The Macroeconomic and Institutional Determinants of Sovereign Credit Rating: Empirical Evidence from Emerging Countries (1998-2020)

Document Type : Original Article

Authors

1 FEPS, Cairo University

2 Economics Department, Faculty of Economics and Political Sciences, Cairo University Faculty of Economics and Political Sciences, , Future University

3 Technical Office Unit, IDSC, Egyptian Cabinet, Egypt

4 Economics Department, Faculty of Economics and Political Sciences, Cairo University

Abstract

The sovereign credit rating classified by international rating agencies is crucial for countries to obtain as much funds as possible from the international market, and thereby attract foreign investments, as sovereign credit rating indicates the level of investment climate risk in a country. Therefore, investors often use ratings determined by credit rating agencies as an indicator that determines countries' creditworthiness.

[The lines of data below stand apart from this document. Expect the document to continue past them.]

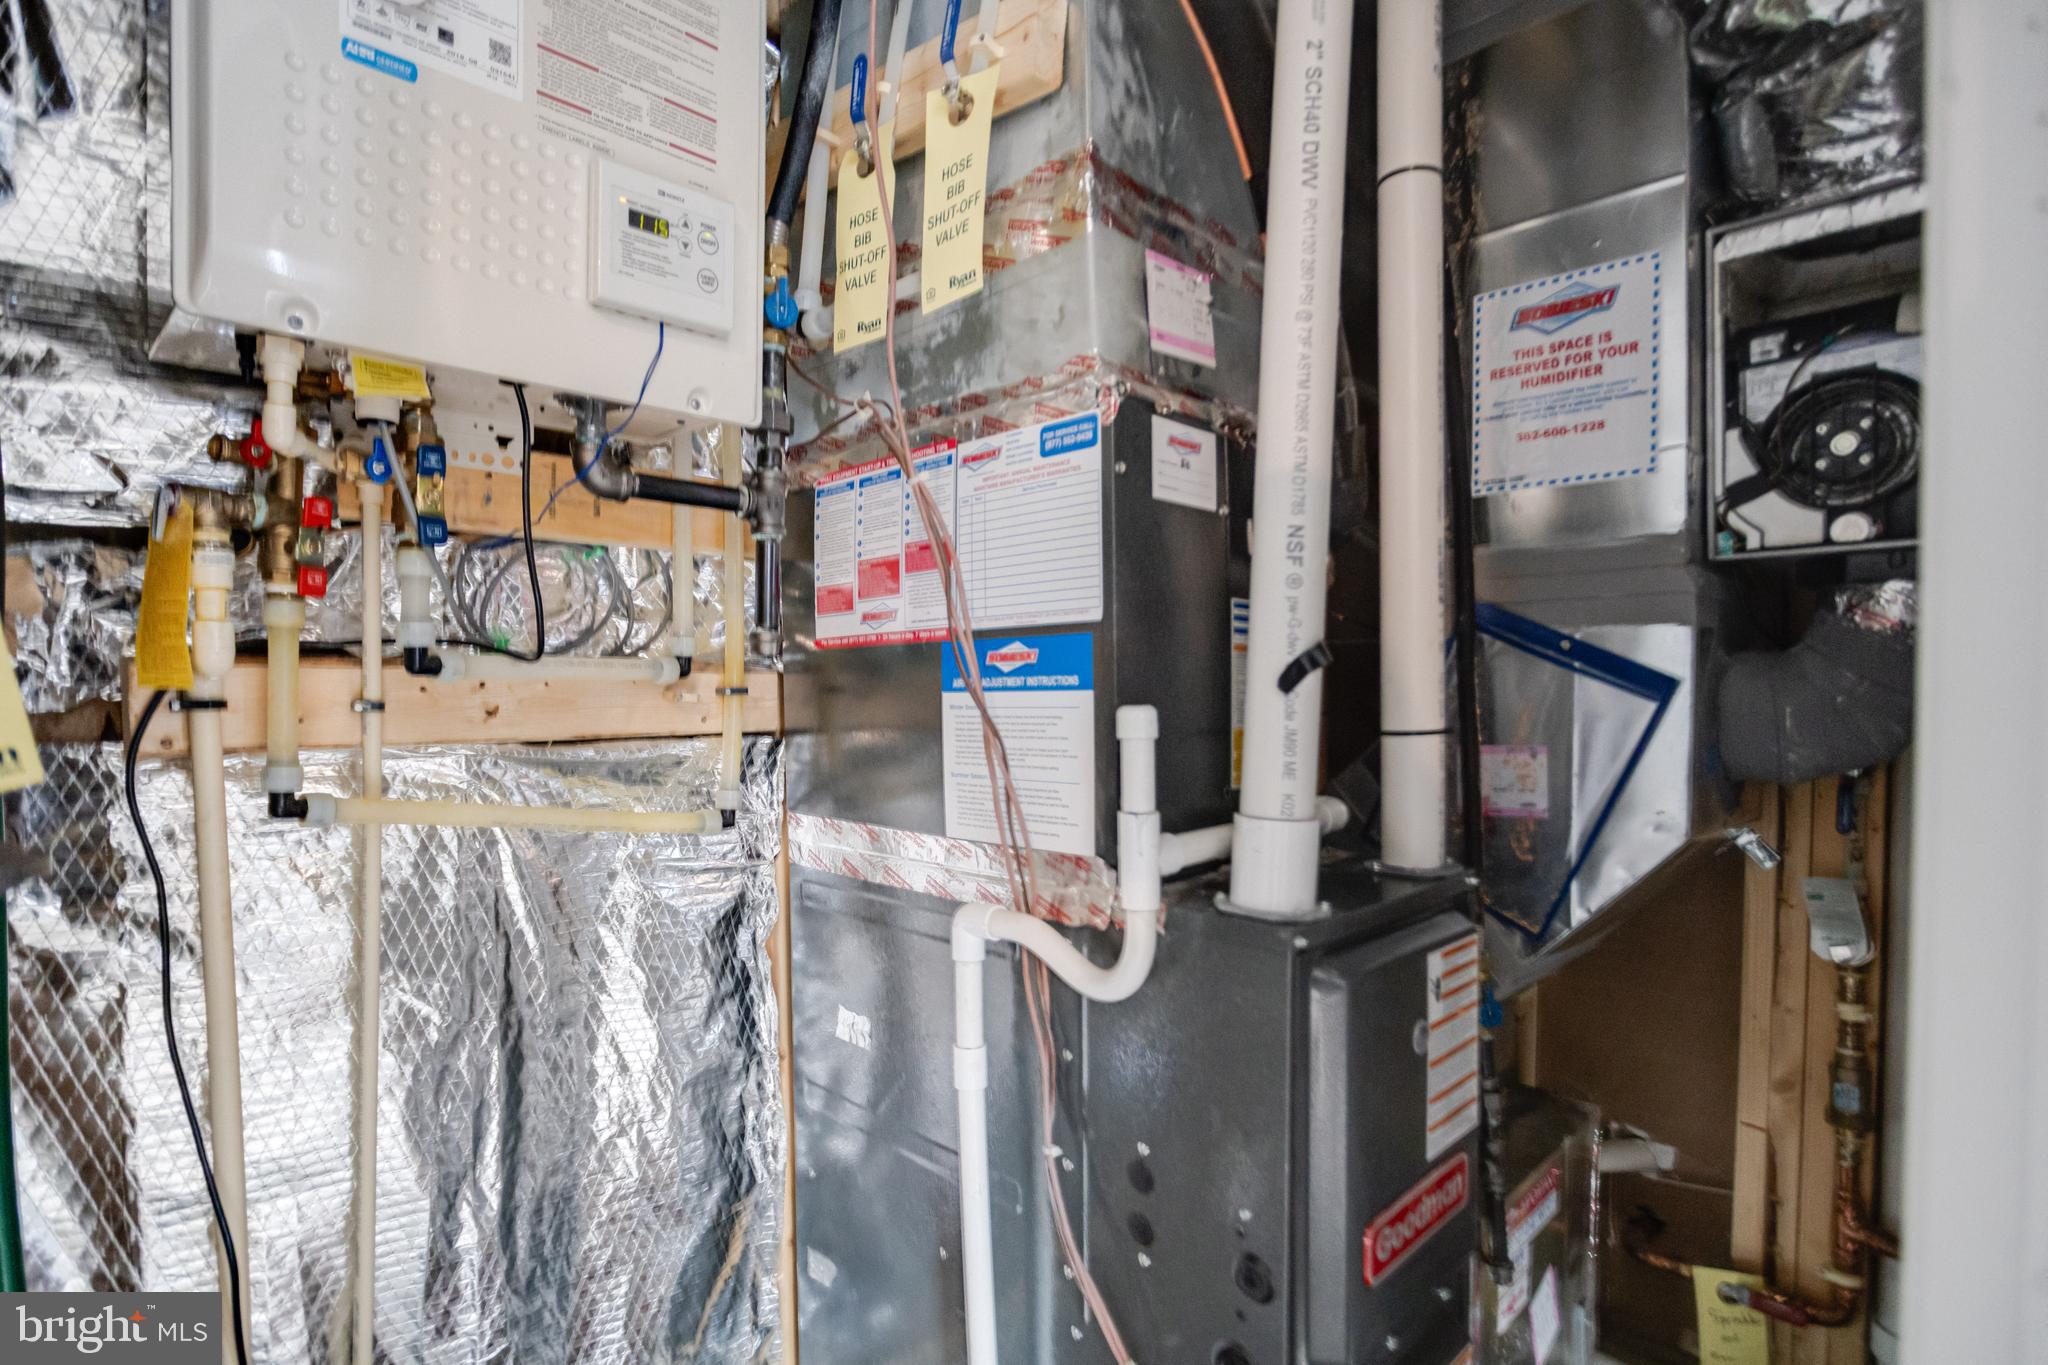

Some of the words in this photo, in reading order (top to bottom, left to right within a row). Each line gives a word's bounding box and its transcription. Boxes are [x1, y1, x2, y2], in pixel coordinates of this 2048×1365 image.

[1303, 66, 1323, 133] SCH40
[942, 154, 973, 181] HOSE
[1301, 140, 1320, 190] DWV
[946, 180, 965, 200] BIB
[849, 208, 879, 230] HOSE
[927, 191, 981, 230] SHUT-OFF
[854, 231, 872, 249] BIB
[935, 219, 969, 247] VALVE
[839, 245, 888, 274] SHUT-OFF
[845, 270, 877, 292] VALVE
[949, 269, 976, 289] Ryan
[857, 318, 882, 334] Ryan
[1513, 344, 1544, 361] THIS
[1549, 334, 1593, 353] SPACE
[1598, 330, 1613, 344] IS
[1296, 353, 1312, 389] ASTM
[1490, 358, 1560, 382] RESERVED
[1564, 351, 1593, 367] FOR
[1599, 341, 1640, 360] YOUR
[1520, 364, 1604, 390] HUMIDIFIER
[1291, 436, 1308, 473] ASTM
[1285, 524, 1305, 567] NSF
[1026, 675, 1080, 687] INSTRUCTIONS
[1374, 1170, 1463, 1263] Goodman
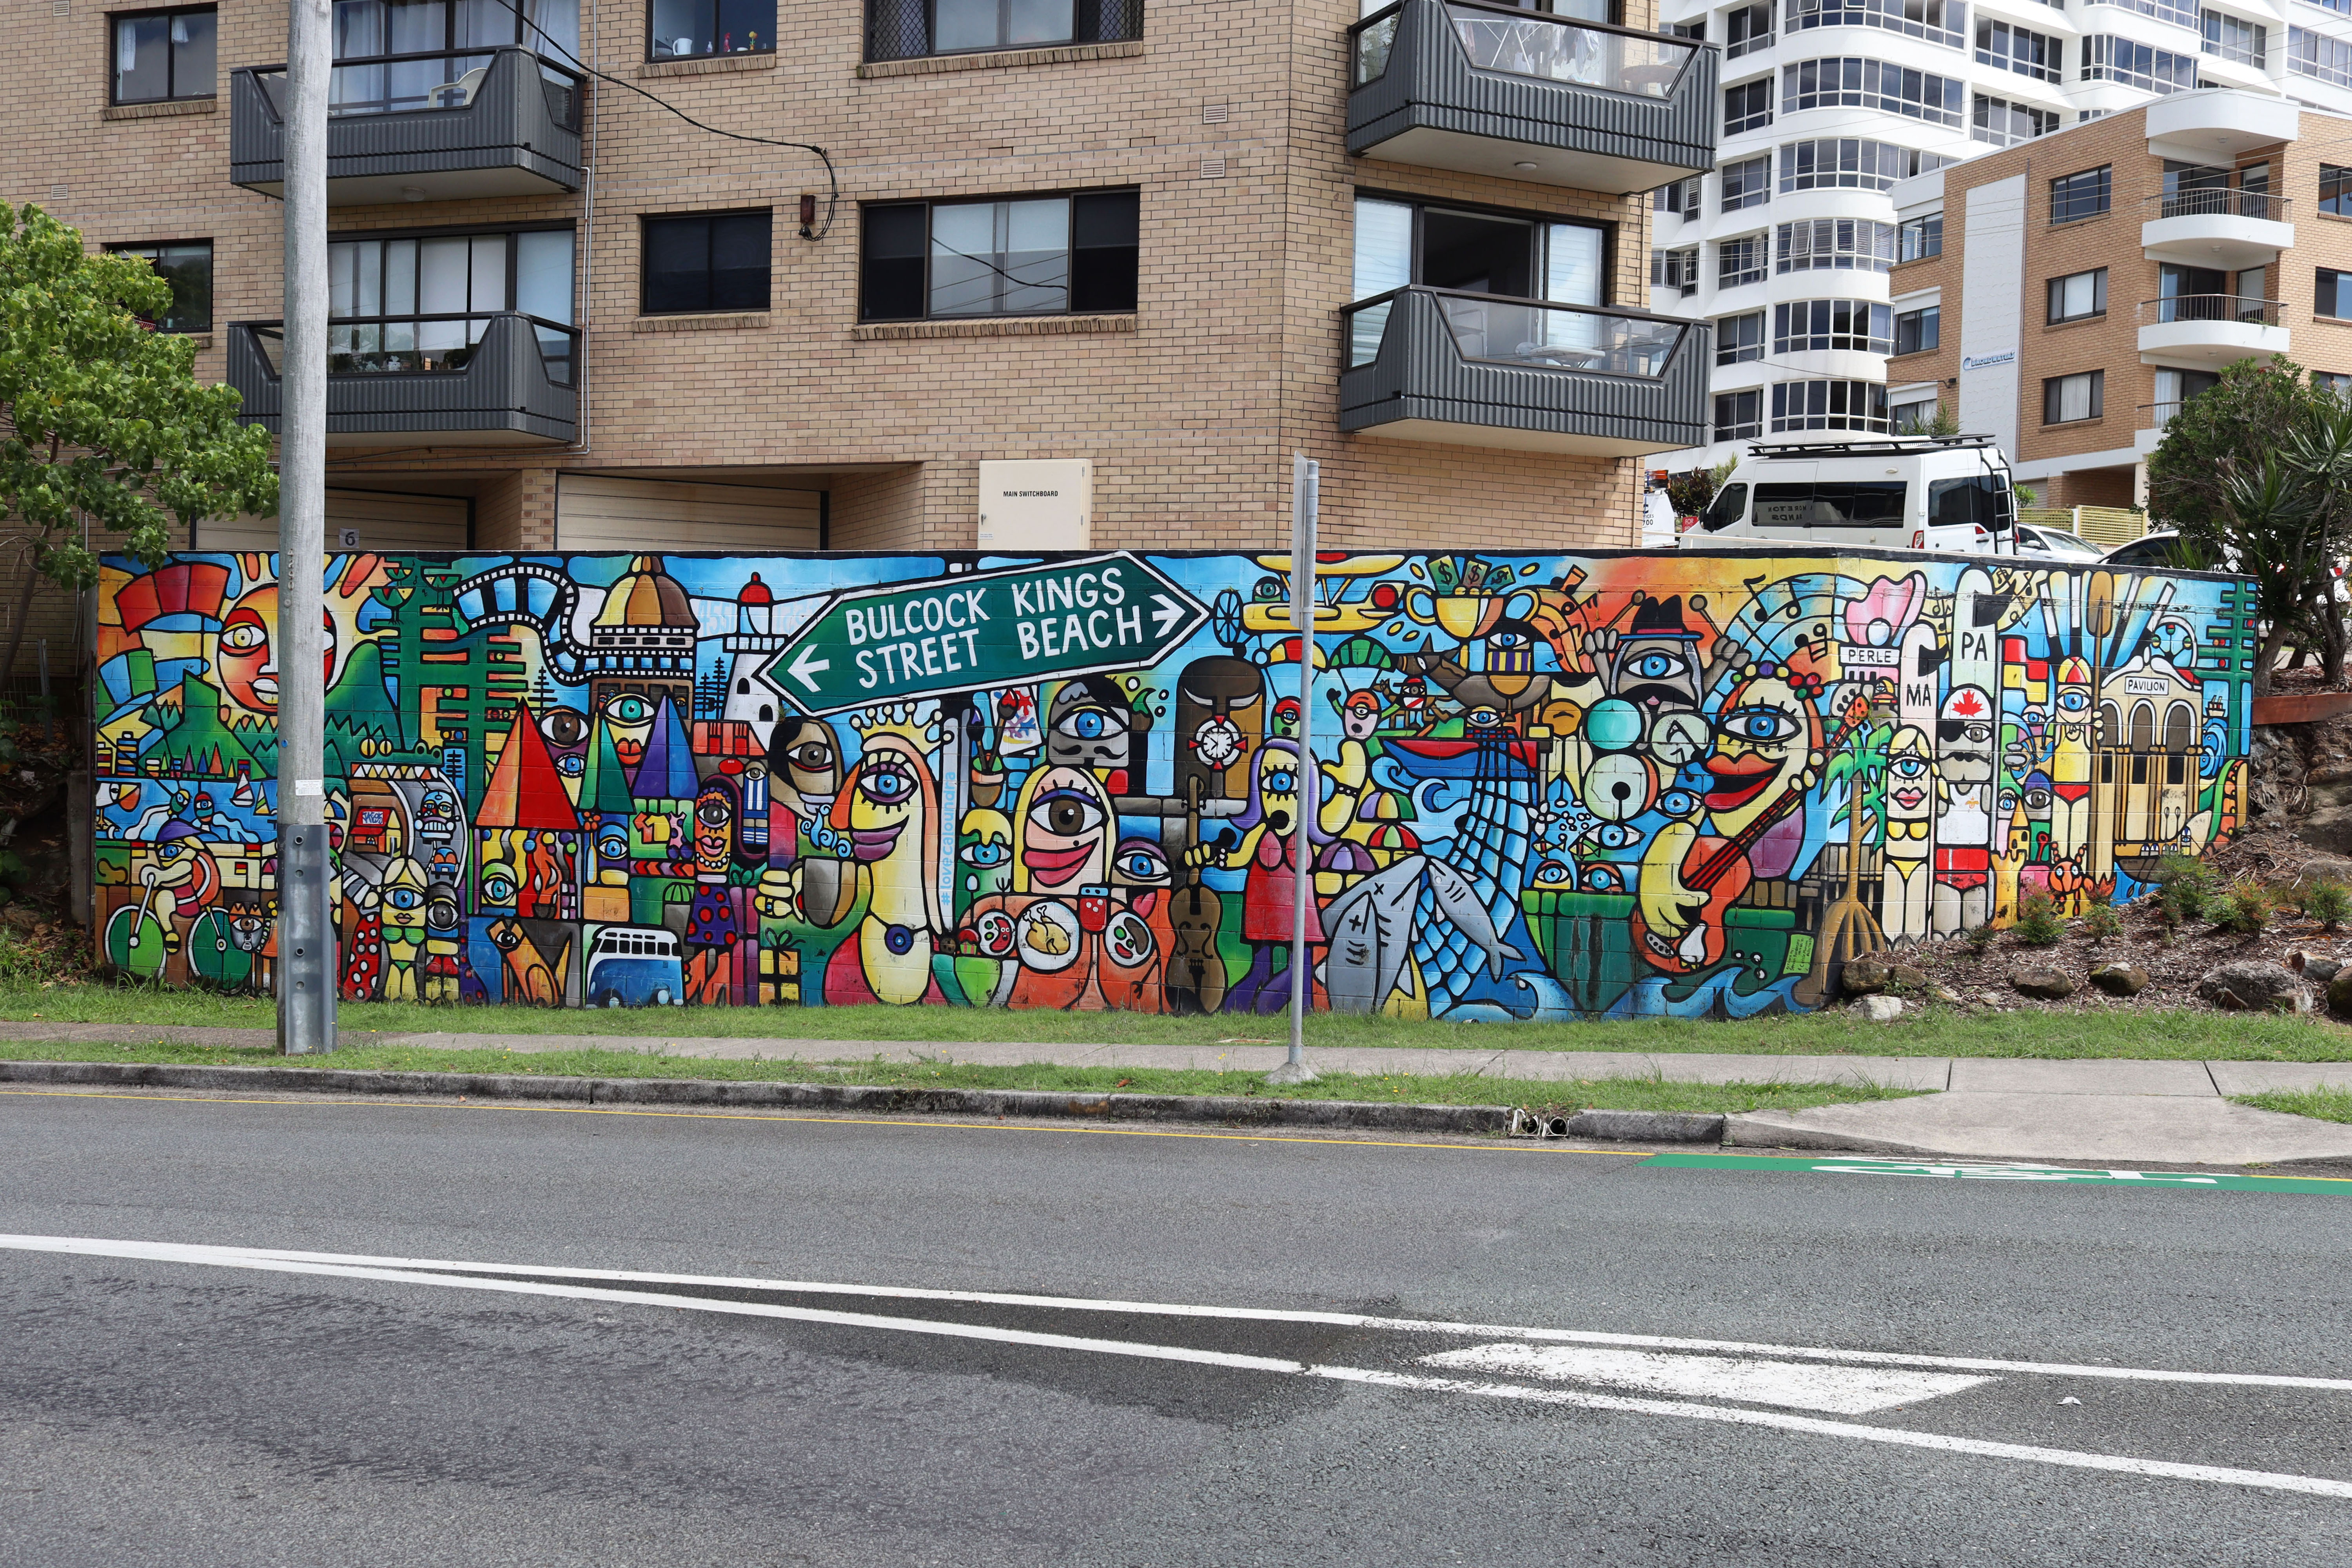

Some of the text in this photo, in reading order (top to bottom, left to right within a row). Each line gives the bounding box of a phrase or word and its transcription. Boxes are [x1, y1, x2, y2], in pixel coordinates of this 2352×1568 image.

Hence, the study examines the various economic and institutional determinants of the sovereign credit rating in selected emerging markets during the period 1998‒2020. The study was conducted on 19 emerging markets characterized by many economic changes during the study period, these changes in turn help efficiently extract tangible results. To achieve this target, the study used the sovereign credit ratings of the three global agencies: Moody's, Standard & Poor's, and Fitch, seeking to answer the main research question “What are the most important and relevant economic and institutional determinants of the sovereign credit rating of a group of emerging market countries? And how can emerging markets improve such ratings?” Moreover, the econometric approach was adopted through the use of the Ordered Probit Model. This is due to the nature of the sovereign credit rating variable, which is converted quantitatively to ranked grades. The results of the empirical study revealed the importance of macroeconomic variables entirely in determining emerging market sovereign credit ratings, specifically the importance of GDP per capita, foreign debt as a proportion of total exports of foreign goods, services and foreign currency reserves, institutional determinants in determining the degree of sovereign credit rating of the states under study according whether in the short or long term. The study differed in the degree of significance of these variables in the three agencies, and the study also found that the exchange rate of countries' currencies denominated in dollars is not significant in determining the sovereign credit rating of countries, whether in the short or long term. The study imbedded some proposals for policy makers that might be of help for raising up the credit rating, such as improving economic growth rates, supporting the increase in foreign currency flows to enhance the monetary reserve, as well as methods to control high inflation rates and price increases through various monetary policy mechanisms.